Emerging growth company ☐
If an emerging growth company, indicate by check mark if the registrant has elected not to use the extended transition period for complying with any new or revised financial accounting standards provided pursuant to Section 13(a) of the Exchange Act. ☐
Item 7.01 Regulation FD Disclosure.
On November 10, 2023, National Vision Holdings, Inc. (the “Company” or “National Vision”) issued a press release related to the matter described in Item 8.01 below. A copy of the press release is furnished as Exhibit 99.1 hereto.
The information in Item 7.01 of this Current Report on Form 8-K, including Exhibit 99.1, is being furnished to the Securities and Exchange Commission (the “SEC”) pursuant to Item 7.01 of Form 8-K and shall not be deemed to be “filed” for purposes of Section 18 of the Securities Exchange Act of 1934, as amended (the “Exchange Act”), or otherwise subject to the liabilities of that section, nor shall it be deemed incorporated by reference into any of National Vision’s filings with the SEC under the Securities Act of 1933, as amended (the “Securities Act”), or the Exchange Act, except as shall be expressly set forth by specific reference in such a filing.
Item 8.01. Other Events.
On November 10, 2023, the Company entered into separate privately negotiated agreements with certain of the holders of its 2.50% Convertible Senior Notes due 2025 (the “2025 Notes”) to repurchase $100.0 million aggregate principal amount of the 2025 Notes (the “Transactions”) for an aggregate cash repurchase price of $99.25 million. The Transactions are expected to close on November 14, 2023, subject to customary closing conditions.
This Form 8-K contains forward-looking statements within the meaning of Section 27A of the Securities Act and Section 21E of the Exchange Act. These statements include, but are not limited to, statements related to our current beliefs and expectations regarding the Transactions.
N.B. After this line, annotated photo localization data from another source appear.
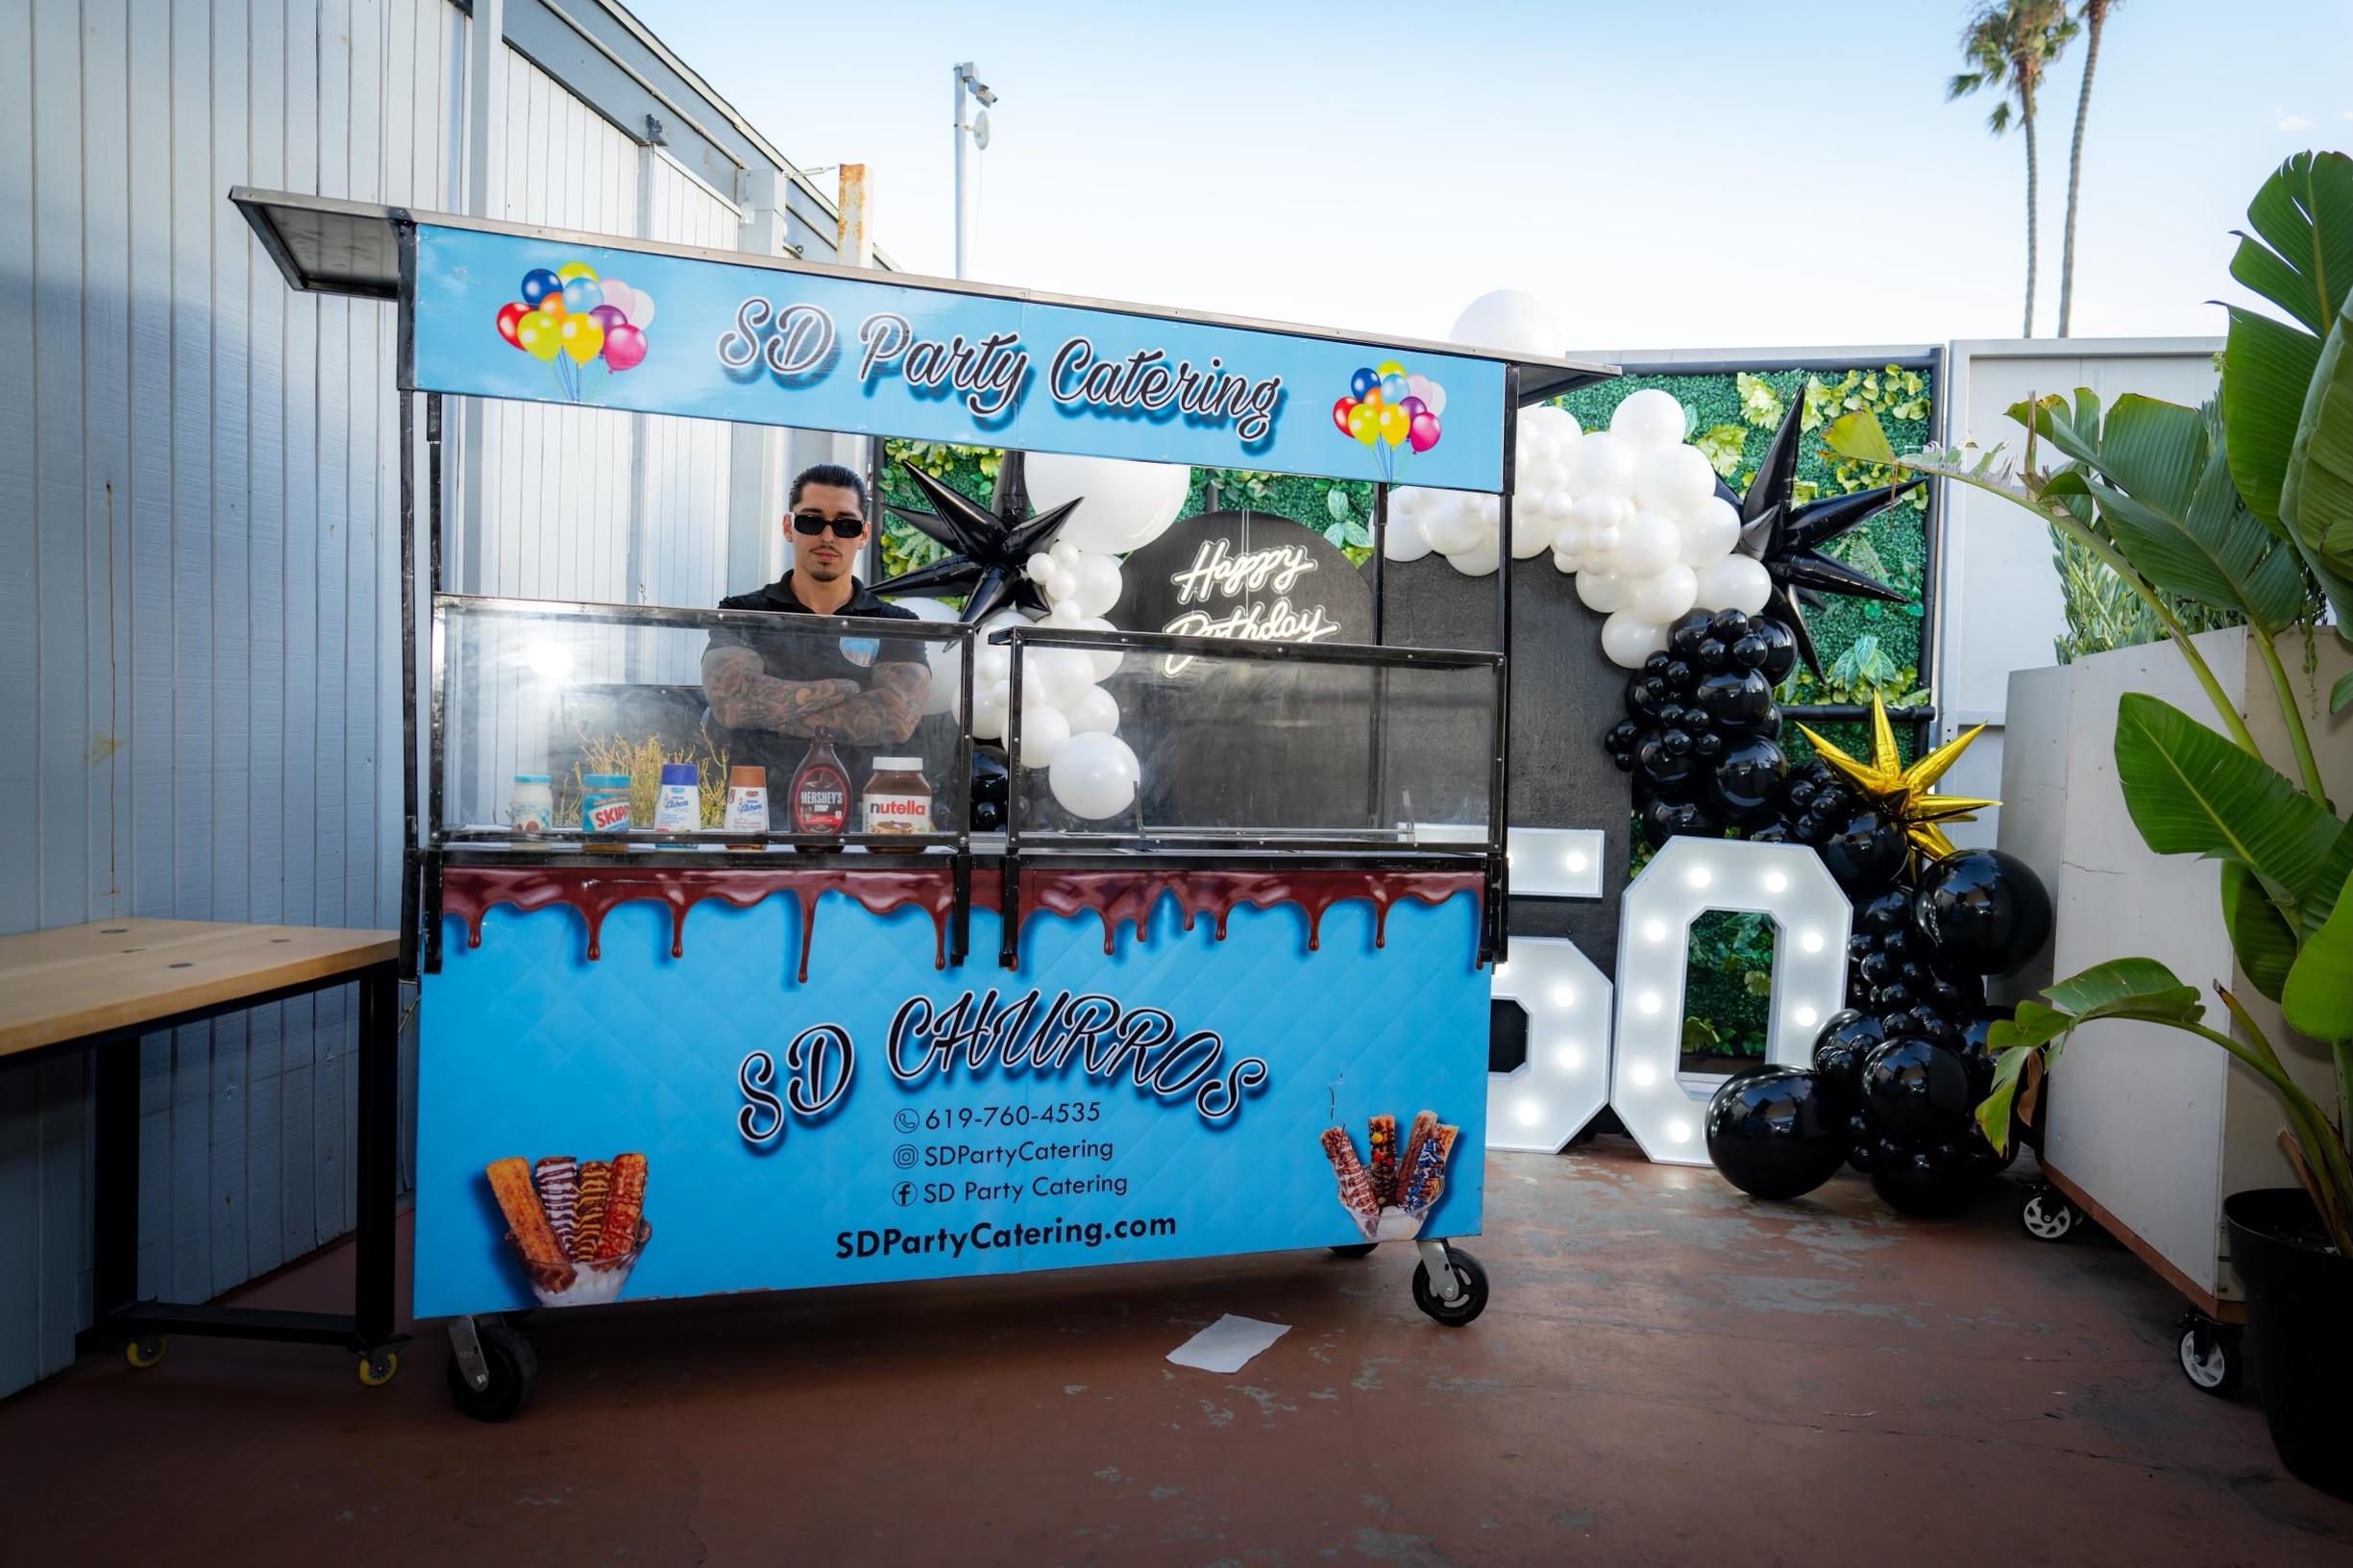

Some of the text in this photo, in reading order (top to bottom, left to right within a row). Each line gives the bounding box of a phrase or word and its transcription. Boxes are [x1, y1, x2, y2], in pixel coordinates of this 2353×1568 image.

[716, 296, 1284, 442] SD Party Catering
[1171, 539, 1316, 603] Happy
[800, 791, 843, 804] HERSHEY'S
[870, 799, 926, 816] nutella
[738, 988, 1269, 1142] SD CHURROS
[925, 1102, 1100, 1130] 619-760-4535
[924, 1139, 1113, 1167] SDPartyCatering
[923, 1183, 954, 1204] SD
[965, 1182, 1023, 1204] Party
[1032, 1174, 1128, 1196] Catering
[835, 1216, 1176, 1260] SDPartyCatering.com
You can identify these forward-looking statements by the use of words such as “preliminary,” “believes,” “expects,” “potential,” “continues,” “may,” “will,” “should,” “could,” “seeks,” “intends,” “plans,” “estimates,” “anticipates” or the negative version of these words or other comparable words. Caution should be taken not to place undue reliance on any forward-looking statement as such statements speak only as of the date when made. We undertake no obligation to publicly update or review any forward-looking statement, whether as a result of new information, future developments or otherwise, except as required by law. Forward-looking statements are not guarantees and are subject to various risks and uncertainties, which may cause actual results to differ materially from those implied in forward-looking statements. Such factors include, but are not limited to, those set forth in our Annual Report on Form 10-K under the heading “Risk Factors” and in subsequent filings by National Vision with the SEC. Additional information about factors that could cause National Vision’s results to differ materially from those described in the forward-looking statements can be found in filings by National Vision with the SEC, including our Annual Report on Form 10-K and subsequent Quarterly Reports on Form 10-Q or Current Reports on Form 8-K, which are accessible on the SEC’s website at www.sec.gov. These factors should not be construed as exhaustive and should be read in conjunction with the other cautionary statements that are included in this Form 8-K and in our filings with the SEC.
Item 9.01 Financial Statements and Exhibits.
(d) Exhibits.
Exhibit No. | Description | ||||
Press Release dated November 10, 2023. | |||||
104 | Cover Page Interactive Data File - the cover page XBRL tags are embedded within the Inline XBRL document. |
Signatures
Pursuant to the requirements of the Securities Exchange Act of 1934, the registrant has duly caused this report to be signed on its behalf by the undersigned hereunto duly authorized.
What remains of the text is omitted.